**WHAT TO PRODUCE:** Every line below from the one containing "this 1600×900 image." to the final line must be reproduced exactly, and no other line may appear in the answer.

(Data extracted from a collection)
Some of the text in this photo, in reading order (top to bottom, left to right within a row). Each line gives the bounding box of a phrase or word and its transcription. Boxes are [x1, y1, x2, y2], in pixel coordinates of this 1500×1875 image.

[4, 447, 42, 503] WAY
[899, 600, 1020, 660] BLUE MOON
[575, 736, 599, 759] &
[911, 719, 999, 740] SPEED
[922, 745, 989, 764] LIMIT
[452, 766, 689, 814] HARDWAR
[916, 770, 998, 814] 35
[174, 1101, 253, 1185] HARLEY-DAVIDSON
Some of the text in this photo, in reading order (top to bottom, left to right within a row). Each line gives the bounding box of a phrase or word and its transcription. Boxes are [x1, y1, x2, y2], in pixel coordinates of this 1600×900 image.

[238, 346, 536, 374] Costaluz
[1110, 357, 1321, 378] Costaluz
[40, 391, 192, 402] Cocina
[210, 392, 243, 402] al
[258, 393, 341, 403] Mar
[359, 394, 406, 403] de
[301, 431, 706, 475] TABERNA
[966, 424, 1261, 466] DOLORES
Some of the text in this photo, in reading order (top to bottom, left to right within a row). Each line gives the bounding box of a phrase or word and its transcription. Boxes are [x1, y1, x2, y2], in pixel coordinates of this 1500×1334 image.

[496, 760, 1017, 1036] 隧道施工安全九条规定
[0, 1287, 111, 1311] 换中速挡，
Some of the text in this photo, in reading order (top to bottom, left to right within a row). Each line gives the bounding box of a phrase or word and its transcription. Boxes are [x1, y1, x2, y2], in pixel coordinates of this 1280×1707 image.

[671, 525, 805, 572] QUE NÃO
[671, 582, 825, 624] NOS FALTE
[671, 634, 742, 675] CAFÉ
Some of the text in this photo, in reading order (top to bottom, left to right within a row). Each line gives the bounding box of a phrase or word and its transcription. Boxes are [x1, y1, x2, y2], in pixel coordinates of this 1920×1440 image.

**TASK RESPONSE:**
Some of the text in this photo, in reading order (top to bottom, left to right within a row). Each line gives the bounding box of a phrase or word and its transcription. Boxes are [x1, y1, x2, y2], in pixel coordinates of this 1600×900 image.

[238, 346, 536, 374] Costaluz
[1110, 357, 1321, 378] Costaluz
[40, 391, 192, 402] Cocina
[210, 392, 243, 402] al
[258, 393, 341, 403] Mar
[359, 394, 406, 403] de
[301, 431, 706, 475] TABERNA
[966, 424, 1261, 466] DOLORES
Some of the text in this photo, in reading order (top to bottom, left to right within a row). Each line gives the bounding box of a phrase or word and its transcription. Boxes are [x1, y1, x2, y2], in pixel coordinates of this 1500×1334 image.

[496, 760, 1017, 1036] 隧道施工安全九条规定
[0, 1287, 111, 1311] 换中速挡，
Some of the text in this photo, in reading order (top to bottom, left to right within a row). Each line gives the bounding box of a phrase or word and its transcription. Boxes are [x1, y1, x2, y2], in pixel coordinates of this 1280×1707 image.

[671, 525, 805, 572] QUE NÃO
[671, 582, 825, 624] NOS FALTE
[671, 634, 742, 675] CAFÉ
Some of the text in this photo, in reading order (top to bottom, left to right within a row). Each line gives the bounding box of a phrase or word and its transcription. Boxes are [x1, y1, x2, y2], in pixel coordinates of this 1920×1440 image.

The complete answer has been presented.